I suspect what happened is this: A studio exec looked at the success, both financial and critical, of 2019’s Hustlers, and went in search of more it-really-happened stories sorta-kinda like it. “Get me something about savvy women who navigate precarious circumstances with feminist gutso!” someone — probably a man — said, probably less eloquently. And someone else — probably a woman, perhaps a Black woman, probably in her own precarious circumstances, like maybe she was a studio intern trying to break into the production side of things — remembered the 2015 tweetstorm by A’Ziah King that went viral, her roller-coaster story of a wild road trip from Detroit to Tampa with a prostitute (whom she did not know at first was a prostitute), the prostitute’s pimp, and the prostitute’s boyfriend.
And, so, herewith: Zola.
I wanted to like this movie, for the same reason that I ended up loving Hustlers: because it gives voice to women, and to women’s experiences, that are underrepresented onscreen, and certainly underrepresented from women’s perspectives. And I was with Zola for a while. Director — and cowriter, with Jeremy O. Harris — Janicza Bravo (Mrs America), with her second feature, deploys a deliciously badass style that is part 70s grindhouse, part verité pseudo-documentary as Zola (Taylour Paige: High School Musical 3: Senior Year) hits the road with her new pal Stefani (Riley Keough: The Lodge, Logan Lucky), nicely capturing the instantaneous lightning that newborn female friendships often zing with. Perhaps more importantly, Bravo never treats her working-class characters with condescension, while also zooming right in on Stefani’s casual racism (Zola is Black; Stefani is white). And Bravo’s low-key eye on the contradictions and hypocrisies of the American South is very welcome. The Florida she sees, through Zola’s eyes, is one of giant Christian crosses on the roadside, and even bigger Confederate flags waving in the humid breeze. It is a land where strippers pray to Jesus — genuinely, sincerely pray — for customers with good credit scores. The detail in Zola is *chef’s kiss.*
Alas… that is only detail. It is only stage setting. The verve with which Bravo sketches Zola’s world soon falls apart. Part of that is because, ah, yes: strippers. Zola is a part-time diner waitress (in real life, King worked at a Hooters), part-time pole dancer. Not that there’s anything wrong with that… but when it comes to the “exotic dancing” bits, Bravo seems to forget that this story is from Zola’s point of view… and a camera right in her twerking ass — which happens a lot — is most certainly not from her point of view. It’s a huge disappointment to see Zola’s story undermined by an exploitive gaze.

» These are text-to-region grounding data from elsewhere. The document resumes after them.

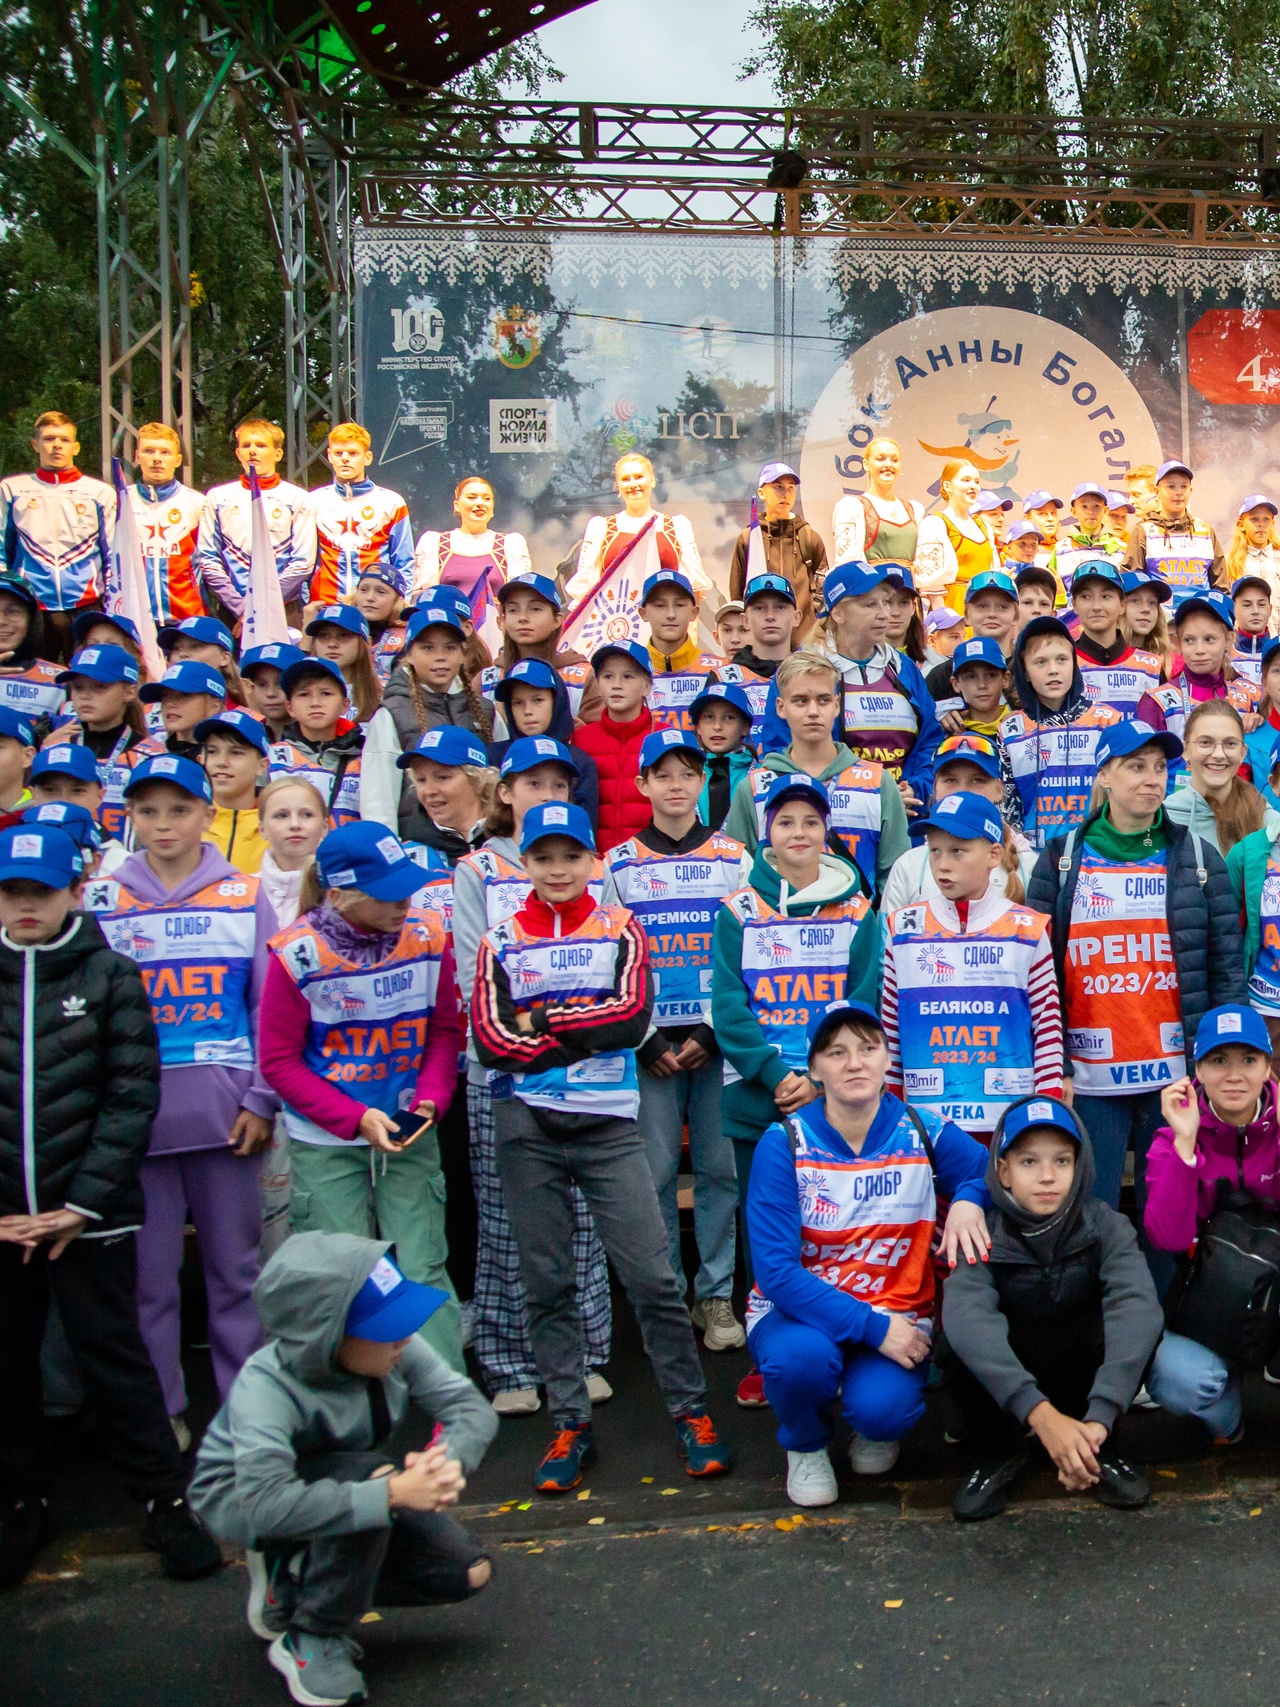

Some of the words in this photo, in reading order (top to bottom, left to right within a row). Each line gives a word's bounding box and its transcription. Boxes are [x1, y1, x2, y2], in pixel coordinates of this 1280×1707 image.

[894, 339, 1023, 391] Анны
[499, 408, 537, 419] СПОРТ
[499, 420, 547, 431] НОРМА
[499, 433, 547, 443] ЖИЗНИ
[140, 541, 180, 557] СКА
[1158, 560, 1206, 573] АТЛЕТ
[1134, 654, 1158, 667] 140
[670, 679, 700, 693] СДЮБР
[1107, 673, 1137, 689] СДЮБР
[6, 683, 39, 699] СДЮБР
[860, 696, 894, 712] СДЮБР
[1094, 708, 1114, 719] 59
[1057, 734, 1090, 750] СДЮБР
[851, 768, 874, 780] 70
[1035, 795, 1088, 812] АТЛЕТ
[711, 839, 739, 851] 156
[675, 865, 711, 882] СДЮБР
[217, 883, 248, 897] 88
[1124, 877, 1165, 899] СДЮБ
[165, 916, 211, 939] СДЮБР
[1013, 914, 1033, 927] 13
[648, 932, 713, 953] АТЛЕТ
[800, 928, 835, 948] СДЮБР
[963, 946, 1004, 967] СДЮБР
[1067, 933, 1173, 967] ТРЕНЕ
[551, 948, 593, 970] СДЮБР
[650, 954, 710, 970] 2023/24
[140, 965, 229, 998] ТЛЕТ
[373, 969, 414, 999] СДЮБР
[753, 973, 848, 1003] АТЛЕТ
[1082, 971, 1178, 996] 2023/24
[152, 1001, 223, 1027] 23/24
[657, 1002, 702, 1017] VEKA
[919, 1001, 994, 1015] БЕЛЯКОВ
[998, 1001, 1010, 1015] А
[323, 1017, 428, 1058] АТЛЕТ
[929, 1025, 1001, 1047] АТЛЕТ
[932, 1050, 997, 1064] 2023/24
[905, 1073, 938, 1088] skimir
[1110, 1061, 1172, 1085] VEKA
[941, 1105, 985, 1120] VEKA
[801, 1238, 912, 1267] РЕНЕР

And then there are the intersecting notions that this tale is meant to A) be comedic, if only blackly comedic, yet also B) a way to highlight the very real problem of sex trafficking. See, cuz it turns out that when Stefani invites Zola along for that weekend in Florida, it’s not just for a chance for the women to make some good money from fresh marks at a strip club. No: the guy who turns out be Stefani’s pimp (Colman Domingo: If Beale Street Could Talk, Selma), whose name Zola doesn’t even immediately learn, also expects Zola to prostitute herself. Threats are involved, of the “I know where you live” sort. None of this is funny… but neither does any of it seem quite precautionary, either. Throw in Stefani’s doofusy boyfriend (Nicolas Braun: How to Be Single, Poltergeist) — who later turns out to be rather sweet — and it all comes across as something of a failed caper.

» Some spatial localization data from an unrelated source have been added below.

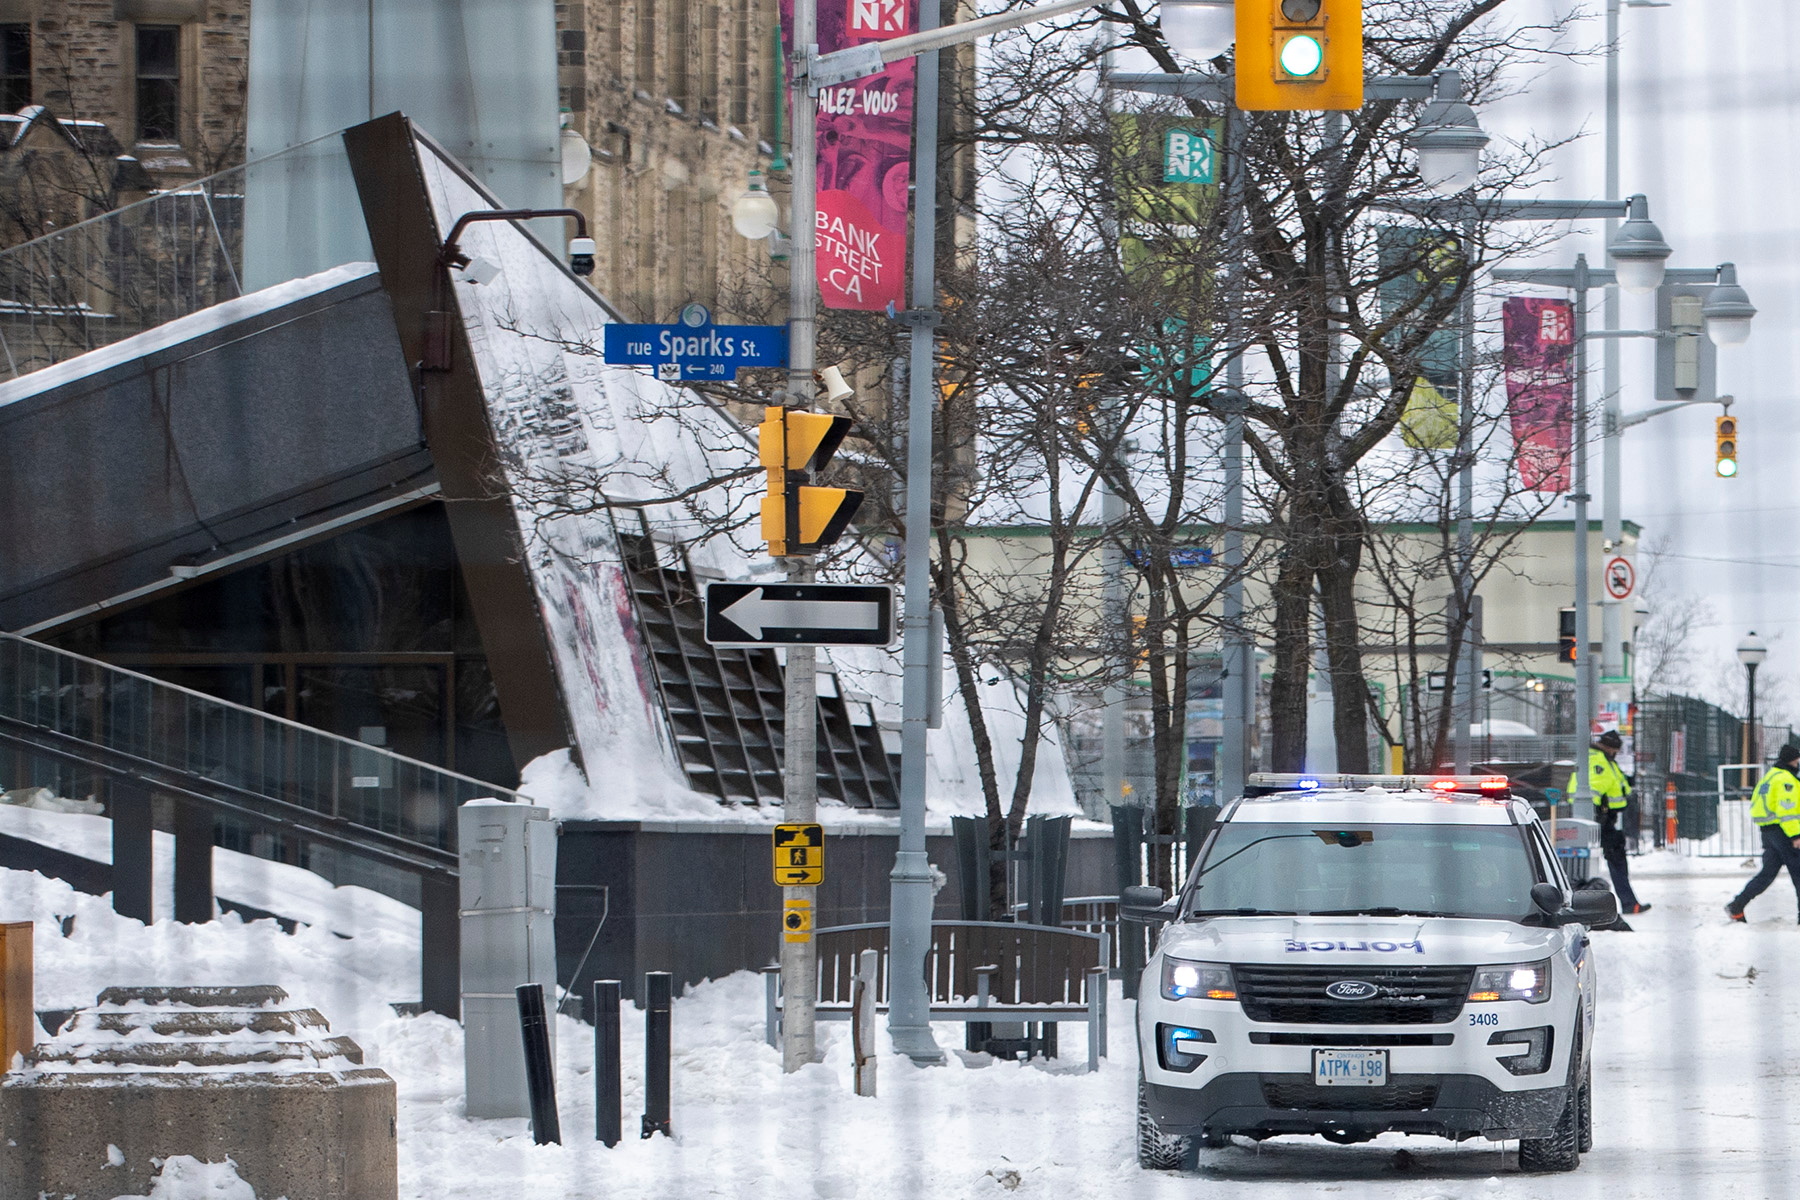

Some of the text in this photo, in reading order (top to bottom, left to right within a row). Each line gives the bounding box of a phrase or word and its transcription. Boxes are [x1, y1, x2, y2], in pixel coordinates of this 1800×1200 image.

[816, 87, 899, 115] ALEZ-VOUS
[815, 211, 880, 262] BANK
[815, 232, 883, 284] STREET
[823, 268, 862, 302] .CA
[627, 329, 760, 363] rue Sparks St.
[710, 364, 725, 375] 240
[1337, 982, 1366, 995] Ford
[1469, 1013, 1499, 1026] 3408

“Caper” might have been the tone this story needed. It never captures that. There’s a hint of failed satire, too, when the perspective shifts to Stefani’s, a detour that never gels into anything cohesive. Aside from the amazing central performances — Keough’s is all-in; Paige’s should be star-making — nothing here works. “You wanna hear a story about how me and this bitch fell out?” is how Zola introduces it. “It’s kinda long but it’s full of suspense.” Except there’s almost nothing suspenseful about it: every supposed twist is entirely obvious, the sorry desperation of these women is routine, as is the way that men take advantage of them. And at 80 minutes long — not counting the end credits — it’s not very long. (It was long for a tweetstorm.) This is, at least, one saving grace.
It’s all a bit yuck, and barely captures the vibrant voice and energy of King’s tweets. Which is a real shame.